[INFORMATION]

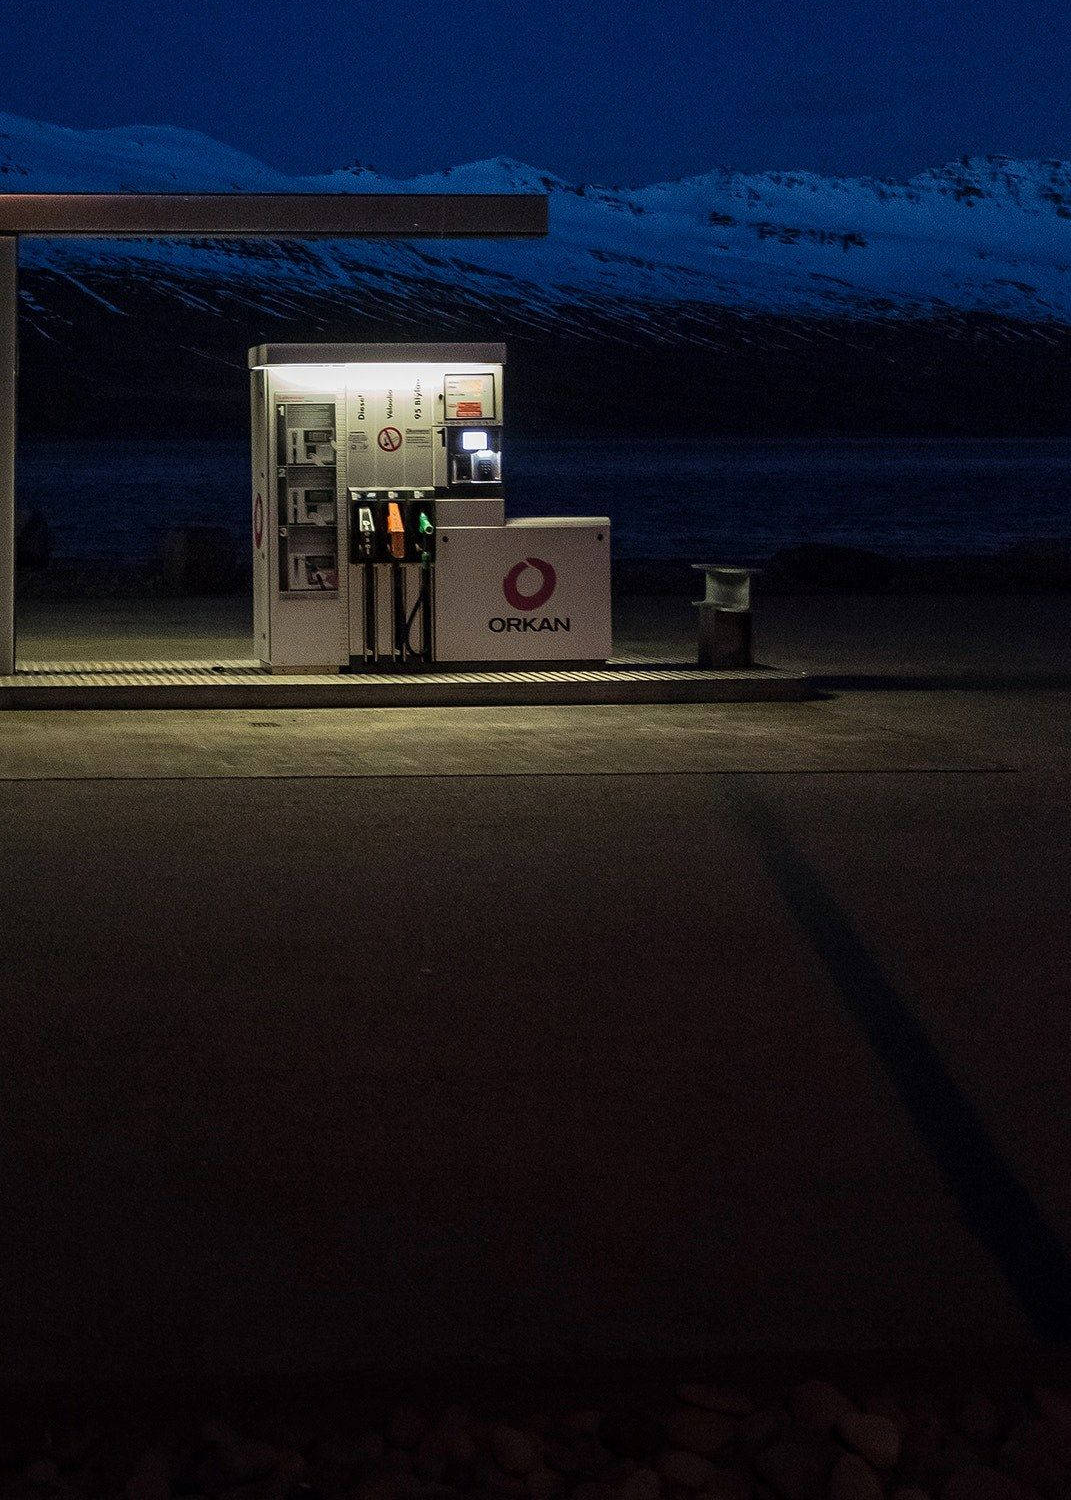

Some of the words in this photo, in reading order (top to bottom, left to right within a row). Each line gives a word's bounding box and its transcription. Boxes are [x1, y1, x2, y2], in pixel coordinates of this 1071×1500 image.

[278, 405, 285, 416] 1
[357, 395, 366, 420] Diesel
[414, 409, 421, 420] 95
[436, 428, 446, 447] 1
[488, 618, 570, 632] ORKAN

[YOUR INSTRUCTIONS] Repeat the entries exactly, pictures left out.

[SOLUTION TO THE EXERCISE]
Some of the words in this photo, in reading order (top to bottom, left to right within a row). Each line gives a word's bounding box and its transcription. Boxes are [x1, y1, x2, y2], in pixel coordinates of this 1071×1500 image.

[278, 405, 285, 416] 1
[357, 395, 366, 420] Diesel
[414, 409, 421, 420] 95
[436, 428, 446, 447] 1
[488, 618, 570, 632] ORKAN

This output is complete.